Monday, May 21, 2012

Forex Robots: A Trader’s Biggest Dream or a Nightmare?


With more people jumping onto the Forex trading bandwagon than ever, Forex robots are popping up all over the place, like mushrooms after a good rain. They promise untold riches and many who are new to the world of foreign currency trading get their credit cards out, falling for the lines. However, this is not to say that a Forex robot isn’t an asset, as long as it is used properly.

What Are Forex Robots?

Forex robots, or expert advisors, are pieces of software that open and close trades on the foreign exchange market according to preset conditions. As any professional trader knows, the key to profitable trading lies in having a solid strategy and sticking to it. Well, a Forex robot executes that plan, no matter what, basically removing the biggest problem most people have when trading, namely human emotions.

A Forex robot works according to a particular algorithm and executes trades automatically, opening and closing positions according to its presets. These algorithms are designed by experienced traders and have been proven to be effective.

However, this is not always the case, as you will see later on, and this is why some Forex bots have gained a bad reputation.

The Benefits of Forex Robots


Automated Forex software can be programmed to search for potential winning trades from a selection of currency crosses. The software is designed to analyze the minute changes in the market using real time data to identify any trends in the pricing movements.

Once a trend has been identified, the software is able to place a trade automatically through a trader's account for that particular currency pair. The software monitors that trade until a profit has been realized. It then closes out that trade automatically at the point it was instructed to, regardless of whether the market continues to rise or fall.

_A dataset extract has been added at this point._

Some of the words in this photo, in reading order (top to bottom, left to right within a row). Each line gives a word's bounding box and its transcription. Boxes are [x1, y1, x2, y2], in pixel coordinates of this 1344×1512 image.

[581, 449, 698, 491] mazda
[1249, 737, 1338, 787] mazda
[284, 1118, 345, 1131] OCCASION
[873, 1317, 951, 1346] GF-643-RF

This level of automation allows a trader to increase the likelihood of realizing a profit on trades placed via the software.

Removing Emotional Input


It is a well-known fact that objectivity and a cool head are vital to profitable trading. The temptation to remain in the market while pricing is moving in favor of your currency pairing is very strong in many people. The emotion behind this action leads them to believe that they could end up making a larger profit.

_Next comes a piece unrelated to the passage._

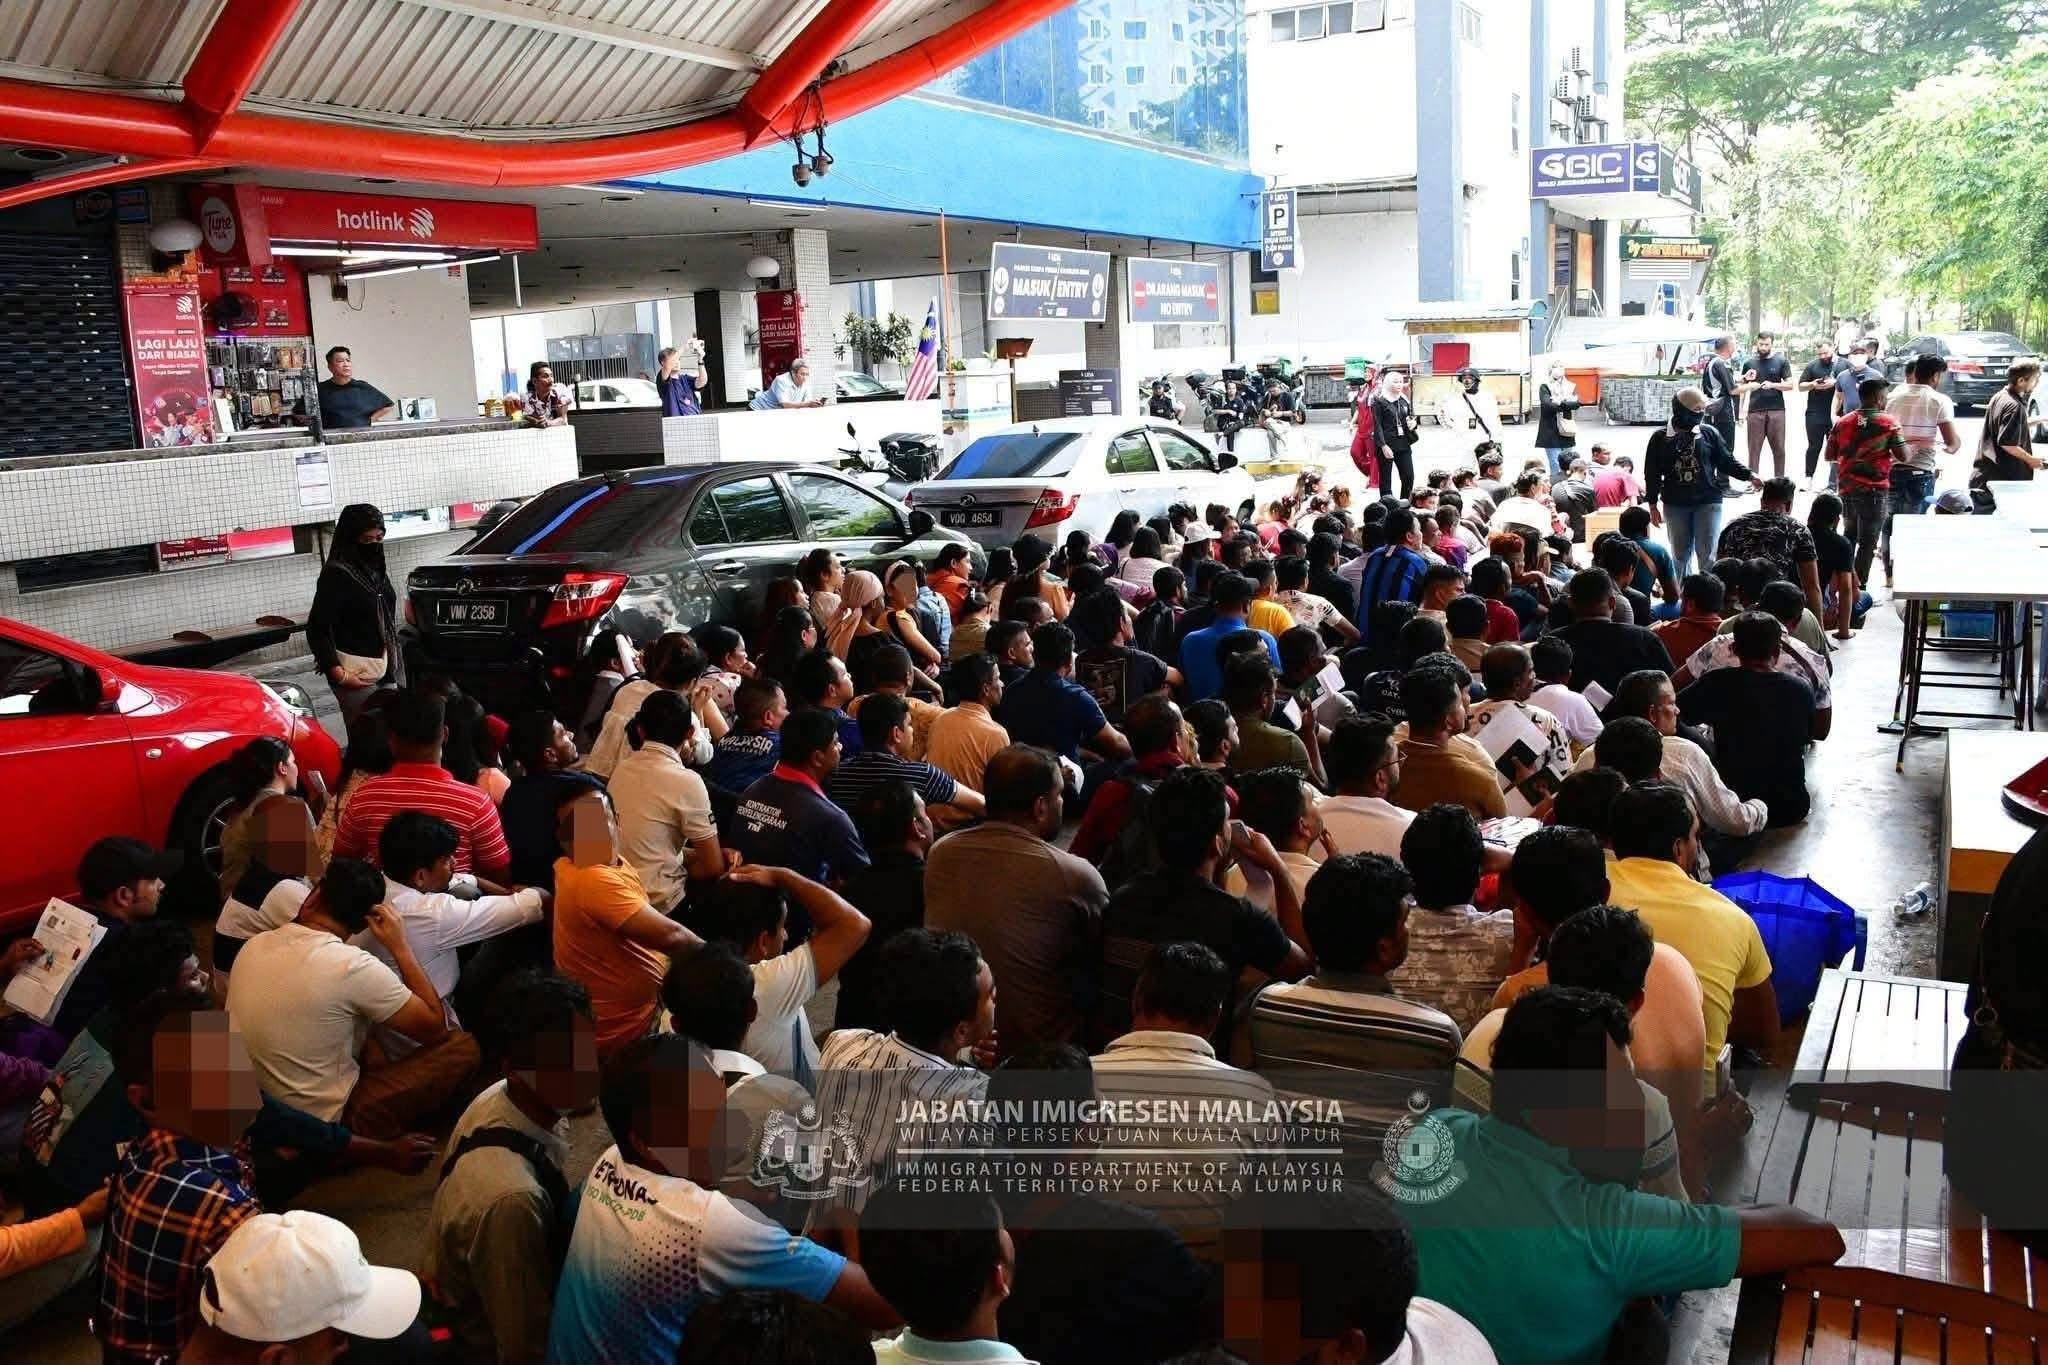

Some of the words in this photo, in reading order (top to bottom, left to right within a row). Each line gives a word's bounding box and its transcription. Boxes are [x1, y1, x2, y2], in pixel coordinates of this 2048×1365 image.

Unfortunately, the Forex market can be extremely volatile. Sharp pricing swings are very possible, and have the capacity to create large losses for those traders who base a trade solely on emotion rather than logic.

However, we are still humans, no matter how hard we try, so it can be extremely hard to disconnect your emotions from trading. In fact, it can take years for some traders to learn the art of leaving their emotional responses at the door when they start trading.

Why are emotions such a drawback on the foreign exchange market? It’s basically the same principle as a casino. The more you win, the more you want to play until you eventually start losing all your earnings. Likewise, the more you lose, the more you want to play to recover your losses. The same inherent principle also applies to many Forex traders. The goal is to quit for the day while you’re ahead but also if things aren’t going your away.

However, most people are unable to do that and instead of seeing what the market is actually doing, they only see what they hope the market will do. That’s how they end up stuck in trades that can clear out more than half their capital in one movement of the market.

This is where a good Forex robot can be an asset. Being a computer program means that it executes trades only according to certain conditions, with no emotions involved. Thus, if it is designed to place three trades a day, it won’t go against its programming and make five, even if all three trades were profitable. If it is designed to exit a trade with a stop loss of 10 pips, it will close the trade, even if at a minor loss.

It is a Forex robot’s ability to exit losing trades on target that actually makes it far more profitable over the long term. Those losing trades are the ones that turn into nightmares for most traders because they stay in the trade, hoping the market will turn around and move in their favor once again, which rarely happens.

The Drawbacks of Forex Robots


The problem many foreign exchange traders encounter with robots is not necessarily with the robot itself but with the trader. This is because novice traders purchase Forex robots without actually understanding how they work. Some Forex robots work only under certain conditions, while others might need some adjustments. Yet, if a trader doesn’t understand the market or the particular algorithm, they will soon find that they are losing a lot more money than they are making.

This is why it is essential for any Forex trader to have a good understanding of the foreign currency market and of trading before they resort to any automated system.

Another problem with Forex trading software is that, as with anything, you get what you pay for. There are plenty cheap Forex robots available that don't work.

Think of it this way: a successful Forex trader has the potential to make hundreds of thousands a year placing trades on the foreign currency market, so why would they sell their system for $30? Obviously, they wouldn’t. This isn’t to say that all low-priced Forex programs are useless, but don’t rely on them in full, especially on a live trading account or you might find yourself with no money left to trade.

Forex robots can be both a nightmare as well as a dream. The key lies in choosing a good expert adviser that has been thoroughly tested using historical data and proven to work. Even then, never use a Forex robot on your live account before you have tested it yourself extensively on a demo account.